Denn zu der Geschichte seines Debüts in der Formel 1 am 25. August 1991 gehört auch die ungewöhnliche Vorgeschichte. Sie zeigt: Ein Selbstläufer war der Sprung ins Jordan-Cockpit vor 30 Jahren nicht. Im Gegenteil. Es brauchte auch den einen oder anderen Kniff, um die so erfolgreiche Karriere des heute 52-Jährigen überhaupt in Gang zu bringen.

Unverhoffte Chance für Schumacher

Der Weg wurde erst frei, weil Jordan-Stammfahrer Bertrand Gachot nach einem Streit mit einem Taxifahrer, den er mit Pfefferspray attackierte, verhaftet und zu einer Gefängnisstrafe verurteilt wurde. Für Schumacher, 22 Jahre alt und in der Formel 3000 und der Sportwagen-WM unterwegs, eine unverhoffte Chance vor dem elften Saisonrennen 1991 in Spa.

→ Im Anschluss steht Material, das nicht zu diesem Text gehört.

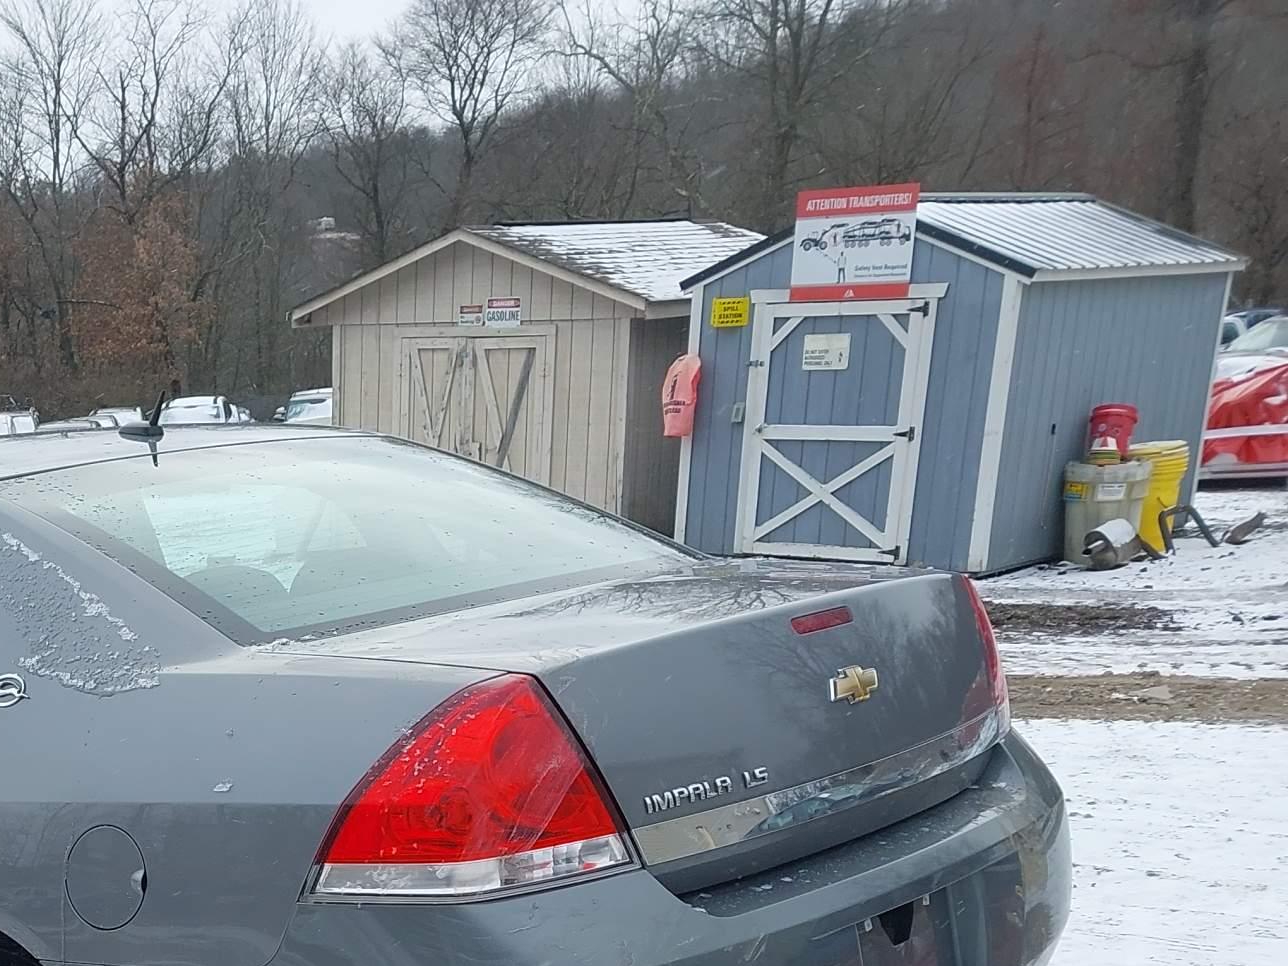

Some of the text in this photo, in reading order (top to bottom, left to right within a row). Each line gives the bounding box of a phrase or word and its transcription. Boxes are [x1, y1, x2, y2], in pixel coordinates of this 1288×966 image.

[806, 193, 913, 211] ATTENTION TRANSPORTERS!
[487, 310, 520, 321] GASOLINE
[644, 766, 769, 814] IMPALA LS

Weil sein Manager Willi Weber dann auch noch log. Weber machte Teamchef Eddie Jordan den jungen Deutschen schmackhaft. "Who, the fuck, is Schumacher?", fragte Jordan zurück. "Du, Eddie, das ist der, der Macau gewonnen hat, du warst doch dabei!", erinnert sich Weber in seiner am 27. August erscheinenden Autobiografie, aus der der "Express" vorab Auszüge zitiert, an den Dialog. Macau. Der sass. Dort gewinnt noch heute nicht jeder. Macau war schon immer eine echte Empfehlung.

Dann kam die Fangfrage von Jordan: Kennt Schumacher die Strecke? "'Aber Mikel kennt die Strecke wie seine Westentasche!', lüge ich das Blaue vom Formel-Himmel. 'Das ist seine, nun, Hausstrecke, musst du wissen, Eddie'", schreibt Weber rückblickend. Tatsächlich war Schumacher zuvor noch keinen Meter auf dem Ardennenkurs gefahren.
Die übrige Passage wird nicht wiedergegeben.